▸ **WORK TASK**:
Leave the images aside and output every entry exactly.

Annotated photo localization data:
»»
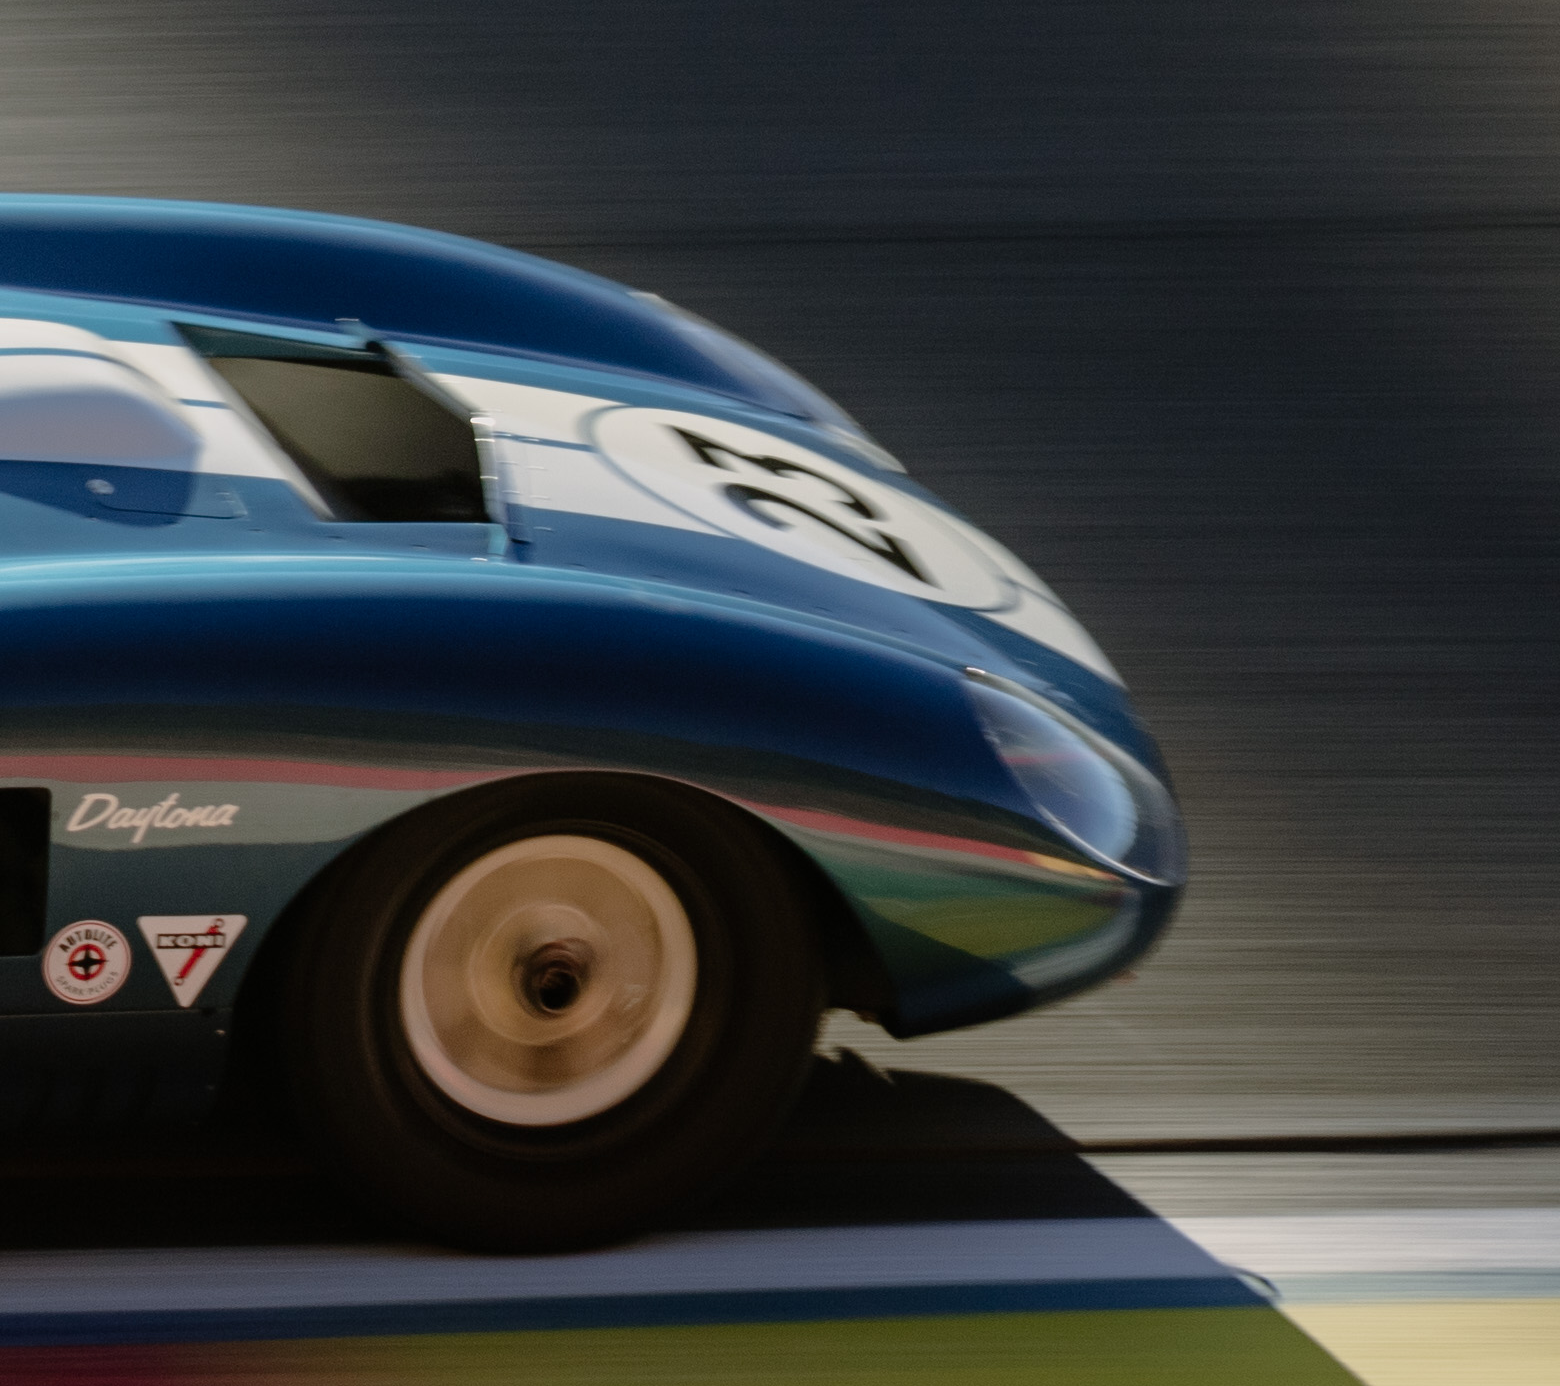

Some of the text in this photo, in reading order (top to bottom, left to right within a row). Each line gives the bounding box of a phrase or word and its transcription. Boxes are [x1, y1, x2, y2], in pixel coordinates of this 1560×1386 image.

[659, 423, 943, 590] 23
[66, 792, 241, 845] Daytona
[59, 929, 118, 953] AUTOLITE
[157, 933, 226, 949] KONI
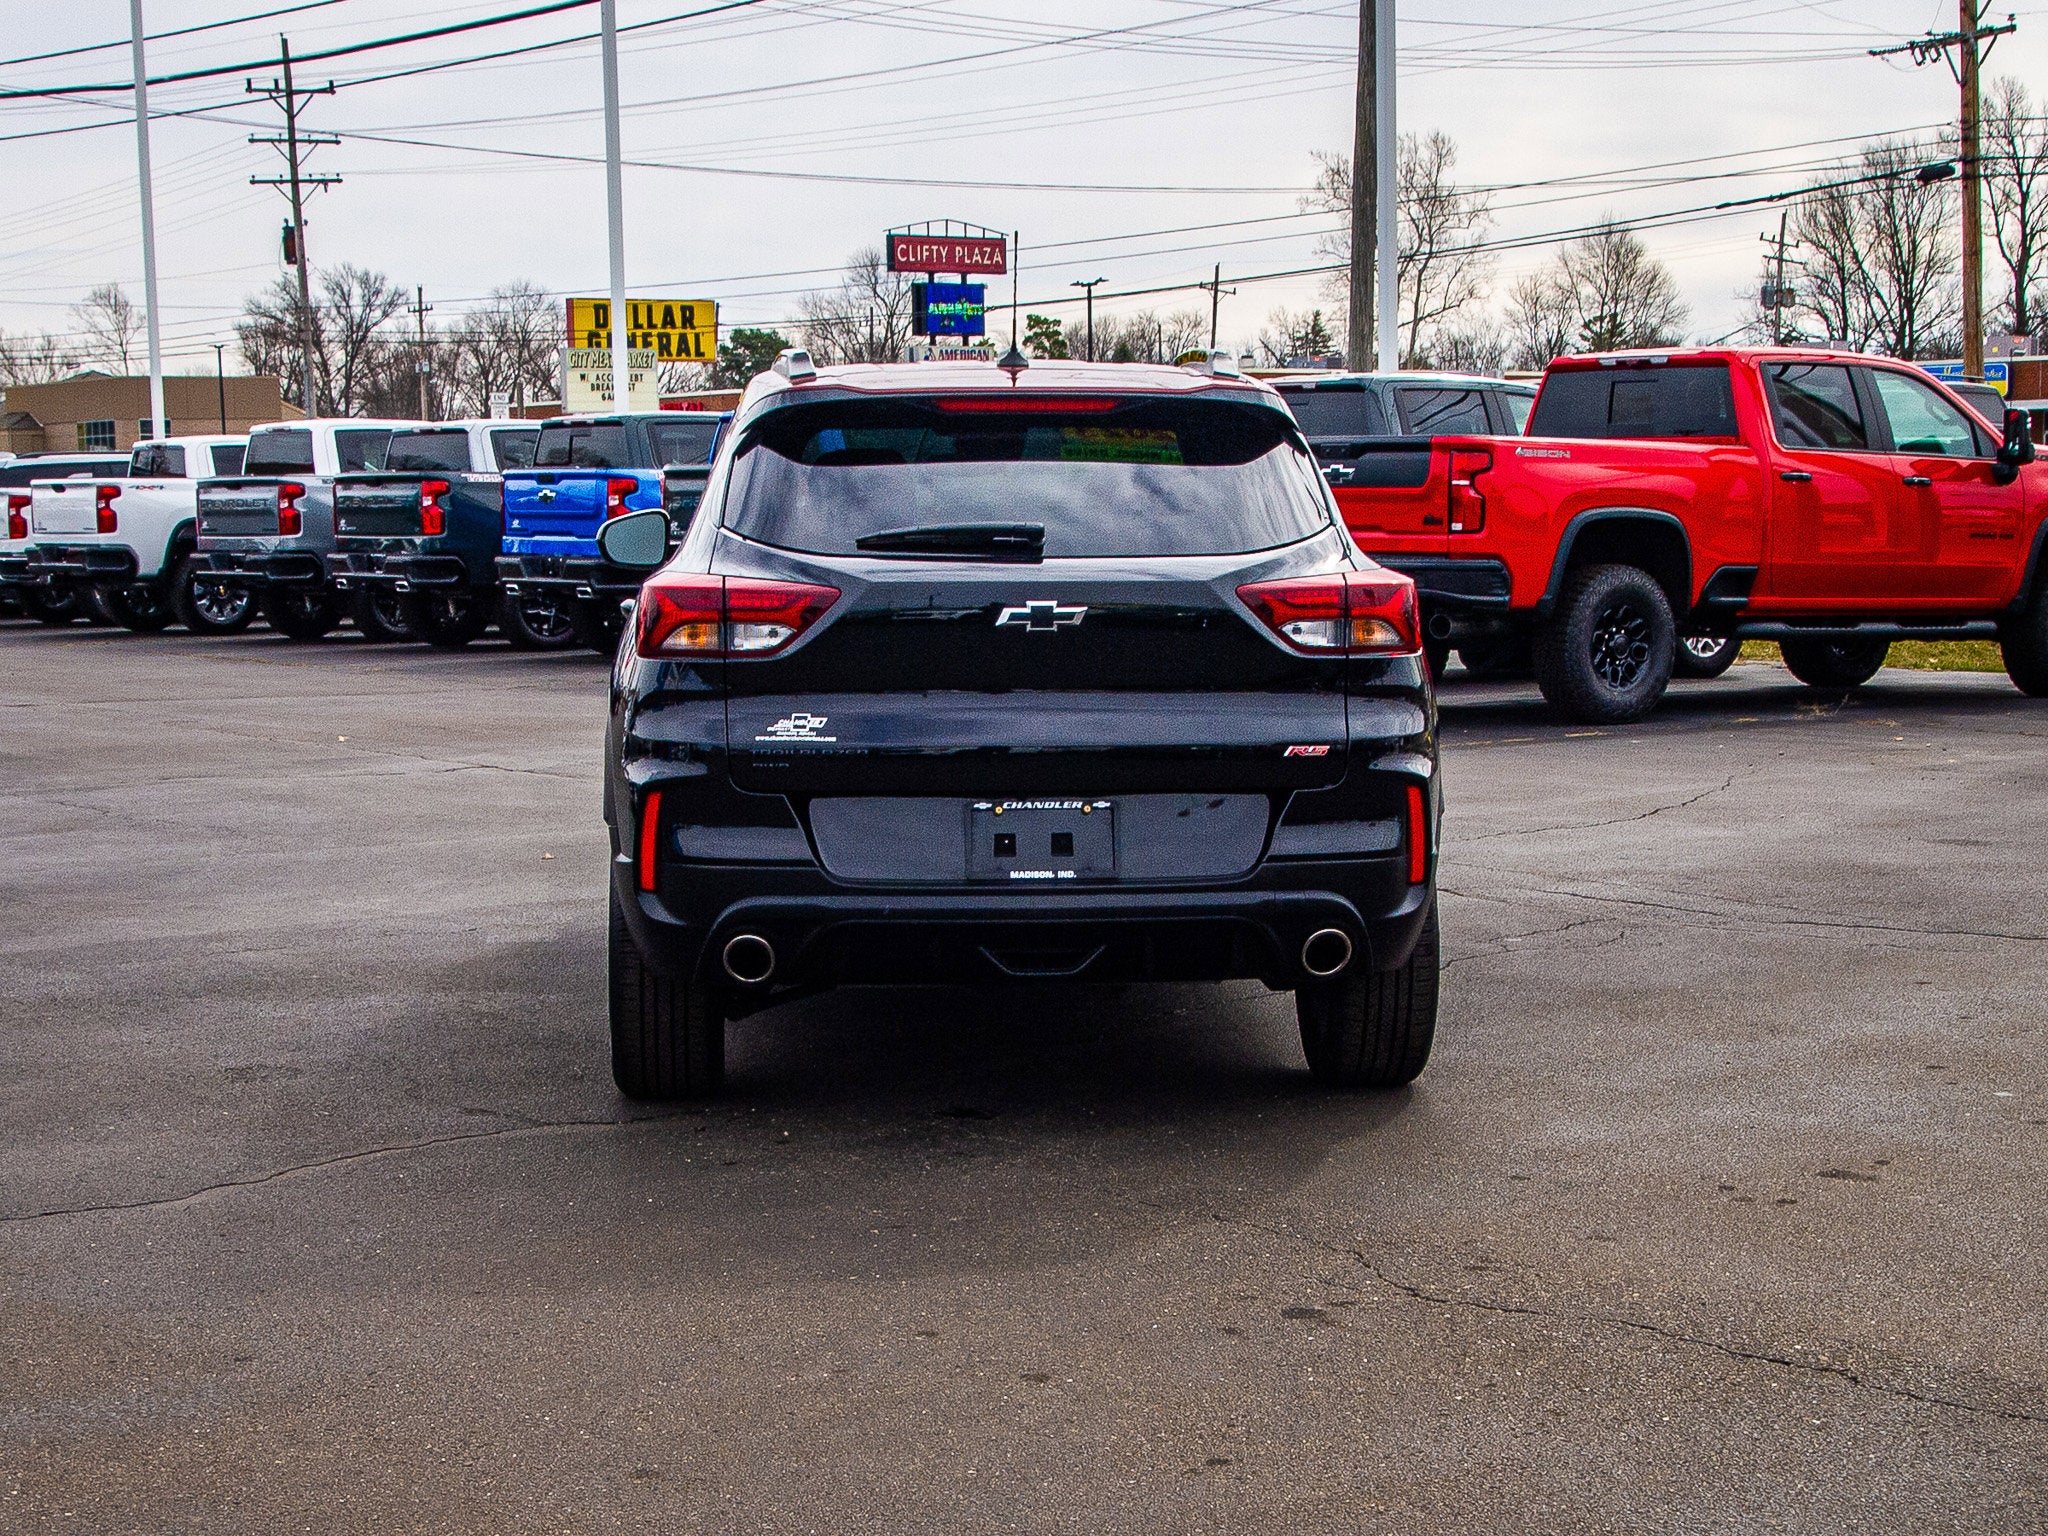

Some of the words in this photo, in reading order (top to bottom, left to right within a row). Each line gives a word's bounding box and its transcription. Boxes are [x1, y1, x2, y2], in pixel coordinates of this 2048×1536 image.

[897, 244, 948, 262] CLIFTY
[955, 246, 1003, 265] PLAZA
[593, 303, 696, 330] DLLAR
[587, 331, 706, 358] GERAL
[590, 350, 614, 368] MEA
[627, 350, 655, 368] ARKET
[938, 348, 990, 361] AMERICAN
[1283, 745, 1330, 757] RS
[1002, 801, 1083, 809] CHANDLER
[1057, 870, 1077, 879] IND.
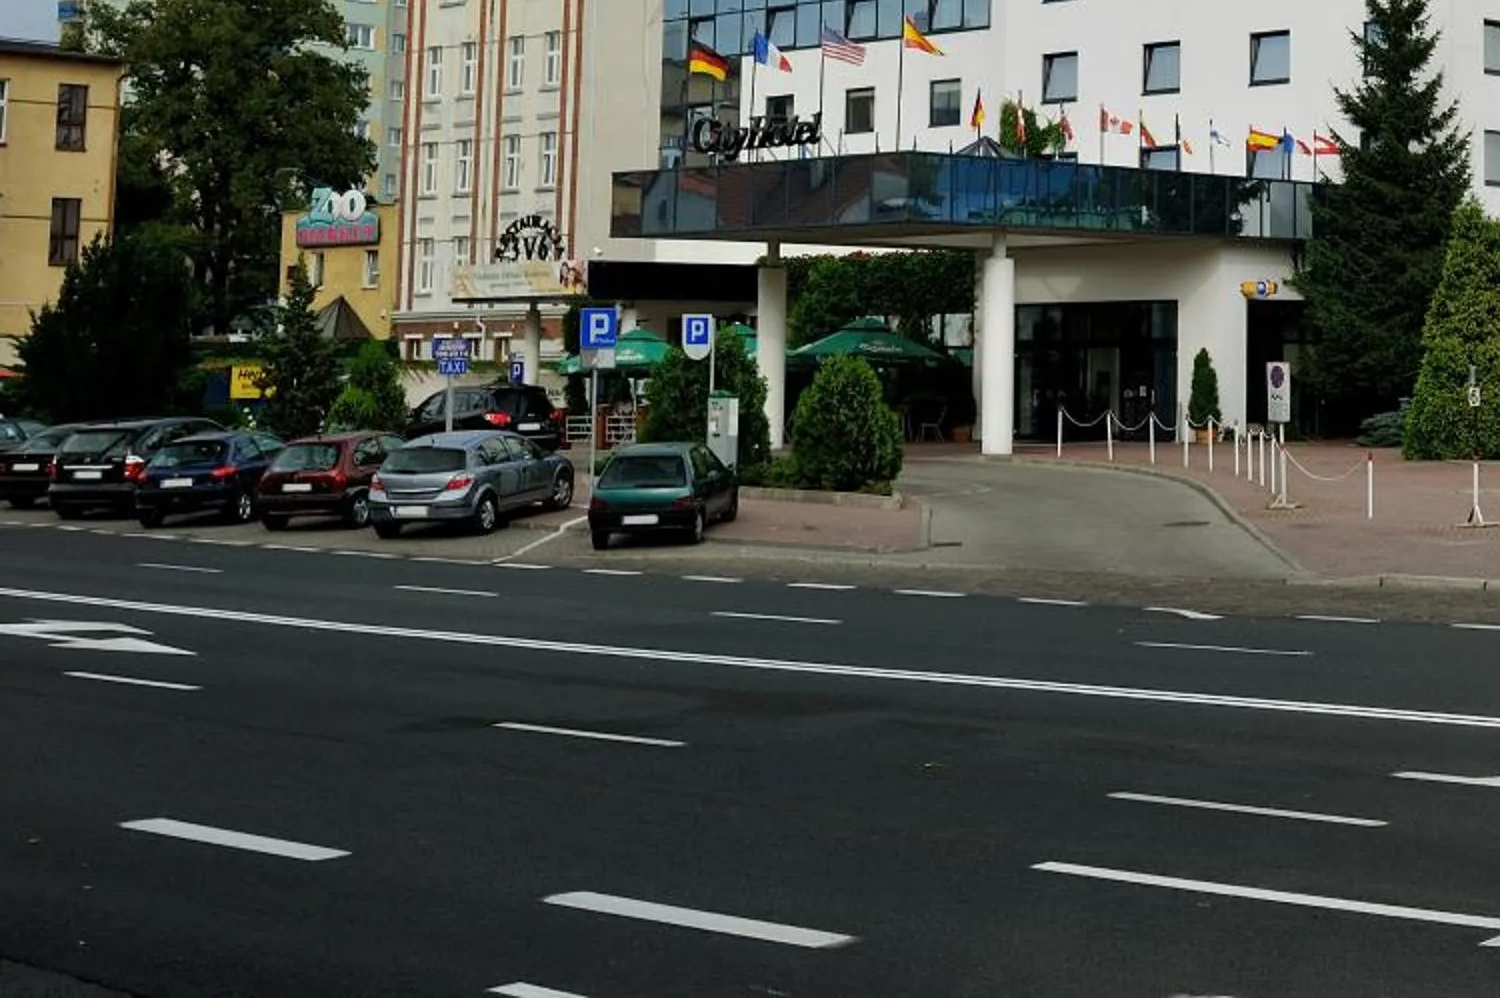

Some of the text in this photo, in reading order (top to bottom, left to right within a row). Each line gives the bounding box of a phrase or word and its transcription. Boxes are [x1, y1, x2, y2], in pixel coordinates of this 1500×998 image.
««
▸ **COMPLETED TASK**:
Some of the text in this photo, in reading order (top to bottom, left to right within a row). Each line gives the bounding box of a phrase or word and its transcription. Boxes are [x1, y1, x2, y2], in pixel coordinates of this 1560×1386 image.

[659, 423, 943, 590] 23
[66, 792, 241, 845] Daytona
[59, 929, 118, 953] AUTOLITE
[157, 933, 226, 949] KONI

Some of the words in this photo, in reading order (top to bottom, left to right within a row). Each line gives a word's bounding box and its transcription. Boxes are [x1, y1, x2, y2], in pixel coordinates of this 2048×1536 image.

[897, 244, 948, 262] CLIFTY
[955, 246, 1003, 265] PLAZA
[593, 303, 696, 330] DLLAR
[587, 331, 706, 358] GERAL
[590, 350, 614, 368] MEA
[627, 350, 655, 368] ARKET
[938, 348, 990, 361] AMERICAN
[1283, 745, 1330, 757] RS
[1002, 801, 1083, 809] CHANDLER
[1057, 870, 1077, 879] IND.

Some of the text in this photo, in reading order (top to bottom, left to right within a row). Each line gives the bounding box of a phrase or word and its transcription. Boxes are [x1, y1, x2, y2], in pixel coordinates of this 1500×998 image.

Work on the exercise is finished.